Not only is another Royal Caribbean cruise ship embarking on a test cruise, but one of the world's largest cruise ships is finally making her New York City debut.
Royal Caribbean's Oasis of the Seas is scheduled to sail her test cruise on Sunday, August 22 from Cape Liberty in Bayonne, New Jersey, which is just across New York harbor from The Big Apple.
Royal Caribbean had originally planned to bring Oasis of the Seas to Bayonne in 2020, marking the first time one of the Oasis Class ships would finally be able to sail from the Northeast. Unfortunately those plans had to be deferred due to the global health crisis.
This weekend, those dreams will be realized with her test sailing, that will hopefully garner approval from the U.S. Centers for Disease Control and Prevention’s (CDC).
Oasis of the Seas will depart Cape Liberty on August 22 to begin a six night sailing to Perfect Day at CocoCay in The Bahamas and then return home. She will be the largest cruise ship ever to sail out of the region.
Simulated voyages are required by the CDC as part of its phased approach to cruise ships restarting in the United States.
Simulated voyages (also known as test cruises) are when cruise lines can operate ships with volunteer passengers in order to prove their new protocols work.
Each cruise ship needs to be approved by the CDC in order to conduct test cruises.
Many other Royal Caribbean cruise ships have been able to get approval from the CDC to restart sailings following their test cruises, including fellow Oasis Class ship Allure of the Seas and Symphony of the Seas.
Onboard Oasis of the Seas will be a mix of travel agents, Royal Caribbean employees, and cruise fans that signed up to be volunteers.
Royal Caribbean asked for volunteers to help go on these test cruises so that the crew can prepare the ship for operations, as well as satisfy CDC requirements.
Despite Hurricane Henri coming to the area, Royal Caribbean Chief Meteorologist James Van Fleet says both Royal Caribbean and the New York Port Authorities in line with expectations from Henri so far.
Update in bound @RoyalCaribbean #OasisoftheSeas Guests and #HurricaneHenri.
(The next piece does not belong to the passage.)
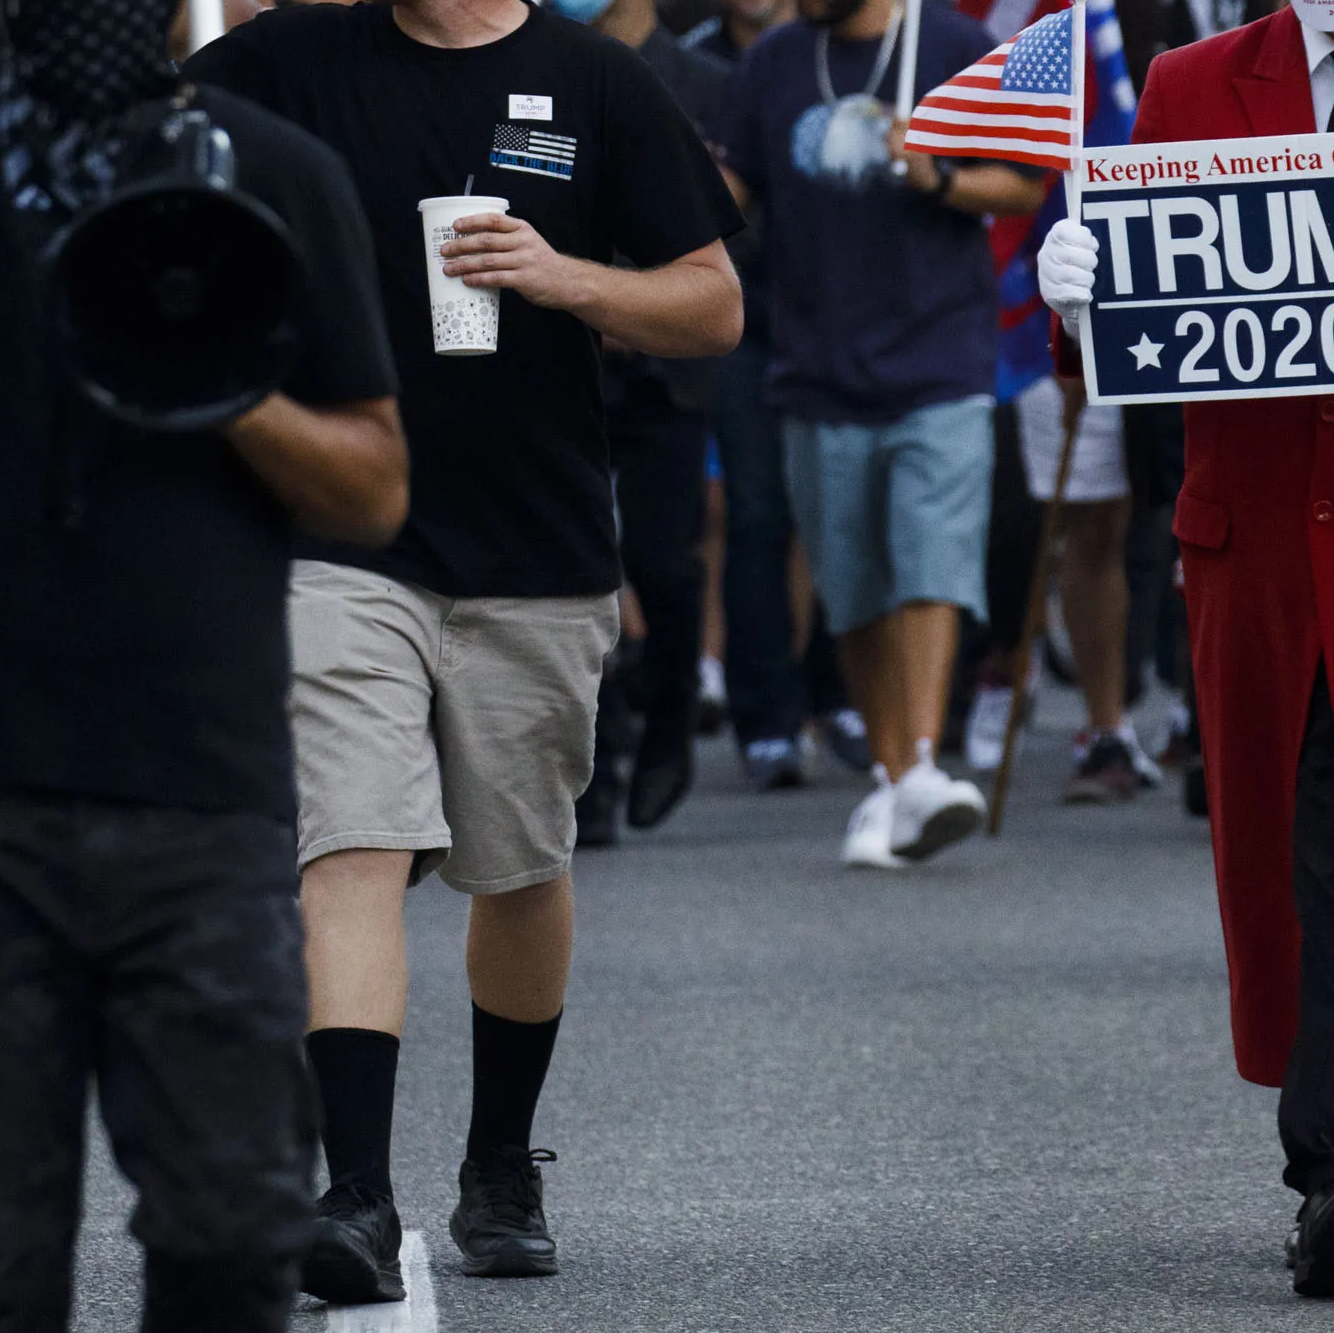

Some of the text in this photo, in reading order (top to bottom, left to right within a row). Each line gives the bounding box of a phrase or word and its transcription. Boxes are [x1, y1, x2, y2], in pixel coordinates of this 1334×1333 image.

[515, 103, 547, 112] TRUMP
[489, 152, 574, 177] BACK THE BLUE
[1087, 156, 1201, 186] Keeping
[1208, 148, 1323, 177] America
I made an Embarkation Forecast Graphic so you know what to expect heading in. My next Tropical Update is 6pm NYC time, both RCI and NY Port Authorities in line with expectations from #Henri so far. pic.twitter.com/dTDtP4GFNj— James Van Fleet (@JamesVanFleet) August 21, 2021
Oasis is one of three ships in the initial rollout of volunteer sailings. Mariner of the Seas was the first last week, and Liberty of the Seas has a test cruise scheduled for September 18, 2021.
If the test cruise goes well and gets approval from the CDC, Oasis of the Seas is scheduled to restart sailings with paying passengers beginning on September 5 from Cape Liberty.
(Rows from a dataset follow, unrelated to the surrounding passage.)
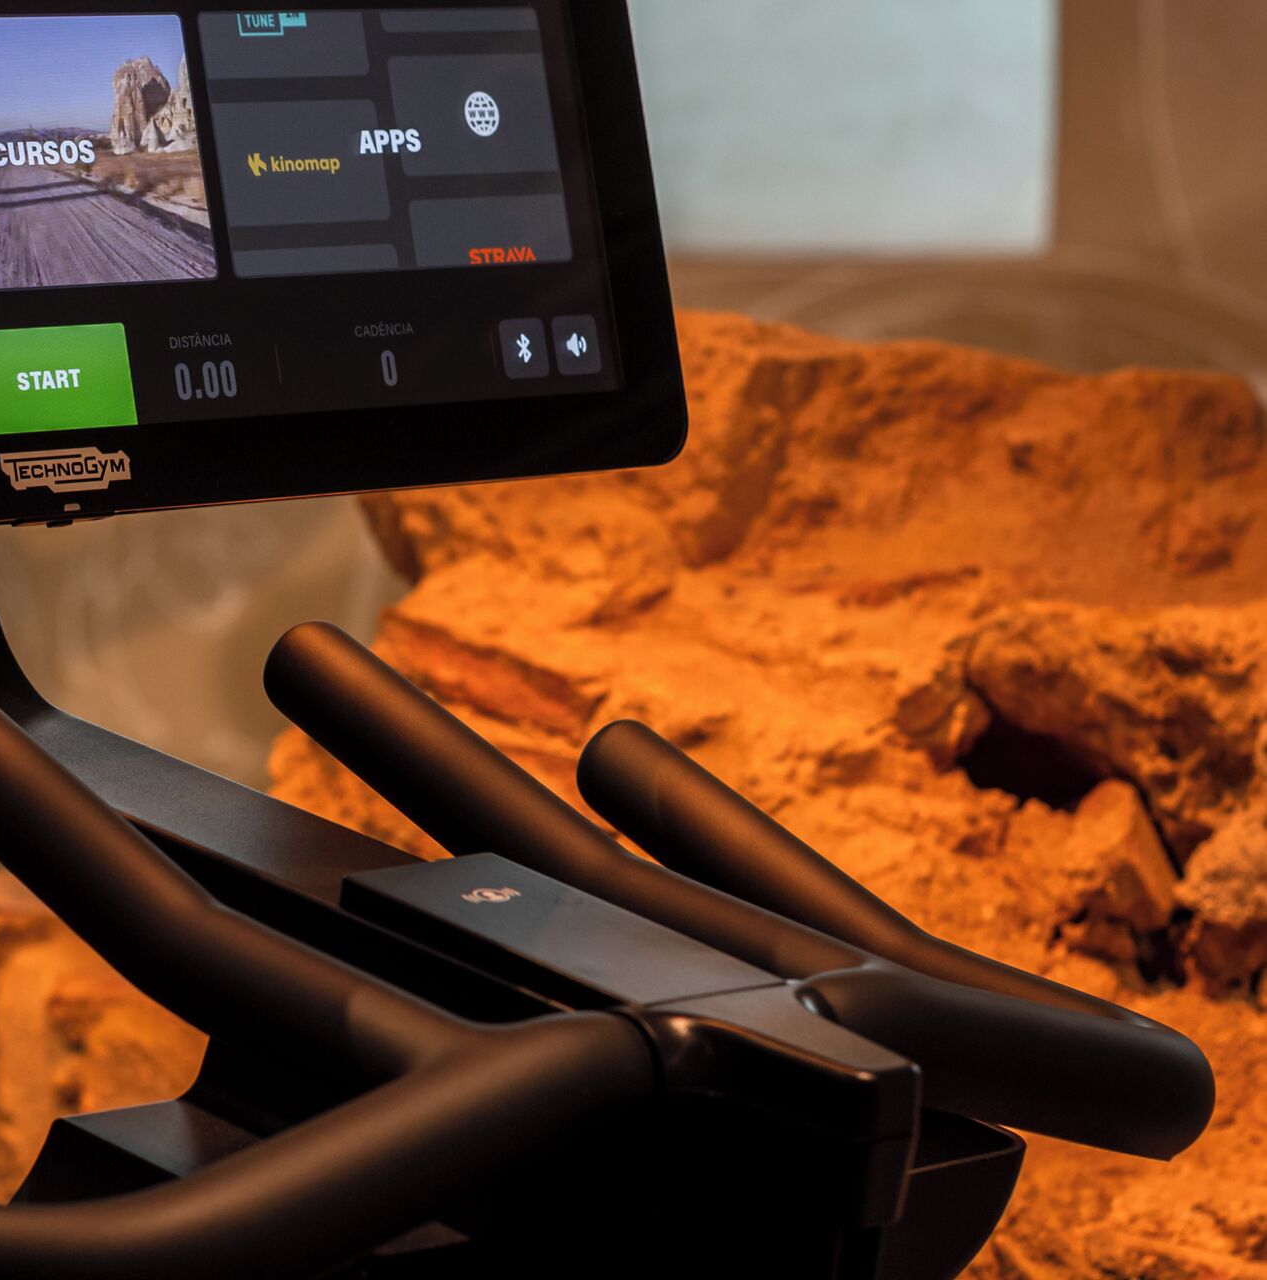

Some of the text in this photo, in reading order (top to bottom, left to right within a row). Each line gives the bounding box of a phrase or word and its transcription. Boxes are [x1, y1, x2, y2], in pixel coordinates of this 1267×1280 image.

[244, 13, 275, 28] TUNE
[359, 128, 422, 154] APPS
[270, 155, 341, 175] kinomap
[468, 246, 536, 265] STRAVA
[354, 321, 414, 338] CADÊNCIA
[169, 332, 233, 350] DISTÂNCIA
[380, 350, 398, 387] 0
[17, 368, 81, 391] START
[174, 360, 238, 401] 0.00
Oasis is scheduled to offer seven-night sailings from Cape Liberty with stops at Perfect Day at CocoCay and Nassau in the Bahamas, and Port Canaveral, Florida.
Why do test cruises?
The CDC gave cruise lines two choices: conduct test cruises or mandate at least 95% of cruise ship passengers be fully vaccinated.
Royal Caribbean opted to do test cruises because they wanted to ensure families could cruise together with children who are too young to be vaccinated against Covid-19.
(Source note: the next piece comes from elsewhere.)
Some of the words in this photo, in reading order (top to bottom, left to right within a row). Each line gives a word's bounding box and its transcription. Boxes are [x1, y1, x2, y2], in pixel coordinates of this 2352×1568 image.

Royal Caribbean International's senior vice president of Hotel Operations, Mark Tamis, called the decision "obvious" given how many kids sail with Royal Caribbean, along with the cruise line's dedication to remaining a family brand. "A good 20 to 25 percent of our guests are kids."
While test cruises do take a little bit longer for the ship to get back into service, Royal Caribbean has been able to get through the simulated voyages easily so far.
What happens on simulated cruises?
For Royal Caribbean, there are two primary functions that simulated voyages serve: demonstrate new health protocols for the CDC and provide an opportunity for the crew to prep for revenue sailings.
First and foremost, the CDC mandates these test sailings so that the ship's new onboard protocols can be run through. In fact, a few passengers onboard will have to pretend to be unvaccinated in order to go through the various protocols for unvaccinated guests.
Having gone on two test cruise so far, I can share the experience is a lot more like a regular cruise than some regimented drill that the name might otherwise imply.
In addition, anytime a ship returns to service after a break, Royal Caribbean likes to have shakedown cruises to acclimate the crew to the ship and their duties. This ensures the ship is ready when paying passengers arrive.